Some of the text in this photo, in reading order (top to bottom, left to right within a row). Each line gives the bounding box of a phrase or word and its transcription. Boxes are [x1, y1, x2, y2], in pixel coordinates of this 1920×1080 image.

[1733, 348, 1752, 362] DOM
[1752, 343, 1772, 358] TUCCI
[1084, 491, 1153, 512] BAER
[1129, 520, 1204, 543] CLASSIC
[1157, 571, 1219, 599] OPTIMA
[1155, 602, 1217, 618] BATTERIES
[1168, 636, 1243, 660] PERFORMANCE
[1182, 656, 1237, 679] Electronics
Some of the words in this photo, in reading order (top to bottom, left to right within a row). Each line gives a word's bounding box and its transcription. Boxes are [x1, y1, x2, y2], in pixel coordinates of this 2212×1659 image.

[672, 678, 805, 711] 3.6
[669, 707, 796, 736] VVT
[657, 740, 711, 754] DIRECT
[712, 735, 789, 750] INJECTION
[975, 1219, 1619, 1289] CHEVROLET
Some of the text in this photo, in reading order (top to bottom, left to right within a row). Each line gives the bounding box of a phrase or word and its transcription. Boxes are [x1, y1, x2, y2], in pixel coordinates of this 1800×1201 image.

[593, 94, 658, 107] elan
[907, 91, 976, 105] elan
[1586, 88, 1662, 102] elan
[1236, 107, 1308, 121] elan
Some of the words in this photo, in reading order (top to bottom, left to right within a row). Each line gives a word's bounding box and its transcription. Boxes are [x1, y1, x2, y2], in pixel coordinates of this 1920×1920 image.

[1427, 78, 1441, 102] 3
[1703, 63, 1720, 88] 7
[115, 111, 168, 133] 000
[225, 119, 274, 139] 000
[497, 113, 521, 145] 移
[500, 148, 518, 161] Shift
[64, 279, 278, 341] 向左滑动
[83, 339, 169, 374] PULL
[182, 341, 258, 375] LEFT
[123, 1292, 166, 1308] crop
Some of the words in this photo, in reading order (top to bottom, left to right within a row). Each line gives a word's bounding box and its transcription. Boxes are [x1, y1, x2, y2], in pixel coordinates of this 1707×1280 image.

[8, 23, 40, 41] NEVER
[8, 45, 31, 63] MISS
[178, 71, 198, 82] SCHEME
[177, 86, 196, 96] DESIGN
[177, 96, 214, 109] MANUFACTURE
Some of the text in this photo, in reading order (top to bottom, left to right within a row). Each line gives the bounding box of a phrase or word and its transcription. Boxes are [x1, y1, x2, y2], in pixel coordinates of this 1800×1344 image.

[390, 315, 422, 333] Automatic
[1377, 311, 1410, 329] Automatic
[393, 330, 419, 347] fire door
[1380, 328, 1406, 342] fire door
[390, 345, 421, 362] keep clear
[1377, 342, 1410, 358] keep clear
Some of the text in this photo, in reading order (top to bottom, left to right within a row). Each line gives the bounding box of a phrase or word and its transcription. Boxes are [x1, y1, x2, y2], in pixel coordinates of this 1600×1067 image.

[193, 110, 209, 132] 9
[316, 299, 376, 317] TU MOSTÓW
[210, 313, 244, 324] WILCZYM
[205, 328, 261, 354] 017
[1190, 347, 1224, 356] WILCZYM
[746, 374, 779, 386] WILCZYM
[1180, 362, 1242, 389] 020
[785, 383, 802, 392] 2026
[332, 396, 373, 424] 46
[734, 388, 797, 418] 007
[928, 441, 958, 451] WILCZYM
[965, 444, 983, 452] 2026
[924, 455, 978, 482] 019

----

:: What this task involves ::
The answer must be the full listing, repeated exactly.

:: Written answer ::
Some of the text in this photo, in reading order (top to bottom, left to right within a row). Each line gives the bounding box of a phrase or word and its transcription. Boxes are [x1, y1, x2, y2], in pixel coordinates of this 1920×1080 image.

[1733, 348, 1752, 362] DOM
[1752, 343, 1772, 358] TUCCI
[1084, 491, 1153, 512] BAER
[1129, 520, 1204, 543] CLASSIC
[1157, 571, 1219, 599] OPTIMA
[1155, 602, 1217, 618] BATTERIES
[1168, 636, 1243, 660] PERFORMANCE
[1182, 656, 1237, 679] Electronics
Some of the words in this photo, in reading order (top to bottom, left to right within a row). Each line gives a word's bounding box and its transcription. Boxes are [x1, y1, x2, y2], in pixel coordinates of this 2212×1659 image.

[672, 678, 805, 711] 3.6
[669, 707, 796, 736] VVT
[657, 740, 711, 754] DIRECT
[712, 735, 789, 750] INJECTION
[975, 1219, 1619, 1289] CHEVROLET
Some of the text in this photo, in reading order (top to bottom, left to right within a row). Each line gives the bounding box of a phrase or word and its transcription. Boxes are [x1, y1, x2, y2], in pixel coordinates of this 1800×1201 image.

[593, 94, 658, 107] elan
[907, 91, 976, 105] elan
[1586, 88, 1662, 102] elan
[1236, 107, 1308, 121] elan
Some of the words in this photo, in reading order (top to bottom, left to right within a row). Each line gives a word's bounding box and its transcription. Boxes are [x1, y1, x2, y2], in pixel coordinates of this 1920×1920 image.

[1427, 78, 1441, 102] 3
[1703, 63, 1720, 88] 7
[115, 111, 168, 133] 000
[225, 119, 274, 139] 000
[497, 113, 521, 145] 移
[500, 148, 518, 161] Shift
[64, 279, 278, 341] 向左滑动
[83, 339, 169, 374] PULL
[182, 341, 258, 375] LEFT
[123, 1292, 166, 1308] crop
Some of the words in this photo, in reading order (top to bottom, left to right within a row). Each line gives a word's bounding box and its transcription. Boxes are [x1, y1, x2, y2], in pixel coordinates of this 1707×1280 image.

[8, 23, 40, 41] NEVER
[8, 45, 31, 63] MISS
[178, 71, 198, 82] SCHEME
[177, 86, 196, 96] DESIGN
[177, 96, 214, 109] MANUFACTURE
Some of the text in this photo, in reading order (top to bottom, left to right within a row). Each line gives the bounding box of a phrase or word and its transcription. Boxes are [x1, y1, x2, y2], in pixel coordinates of this 1800×1344 image.

[390, 315, 422, 333] Automatic
[1377, 311, 1410, 329] Automatic
[393, 330, 419, 347] fire door
[1380, 328, 1406, 342] fire door
[390, 345, 421, 362] keep clear
[1377, 342, 1410, 358] keep clear
Some of the text in this photo, in reading order (top to bottom, left to right within a row). Each line gives the bounding box of a phrase or word and its transcription. Boxes are [x1, y1, x2, y2], in pixel coordinates of this 1600×1067 image.

[193, 110, 209, 132] 9
[316, 299, 376, 317] TU MOSTÓW
[210, 313, 244, 324] WILCZYM
[205, 328, 261, 354] 017
[1190, 347, 1224, 356] WILCZYM
[746, 374, 779, 386] WILCZYM
[1180, 362, 1242, 389] 020
[785, 383, 802, 392] 2026
[332, 396, 373, 424] 46
[734, 388, 797, 418] 007
[928, 441, 958, 451] WILCZYM
[965, 444, 983, 452] 2026
[924, 455, 978, 482] 019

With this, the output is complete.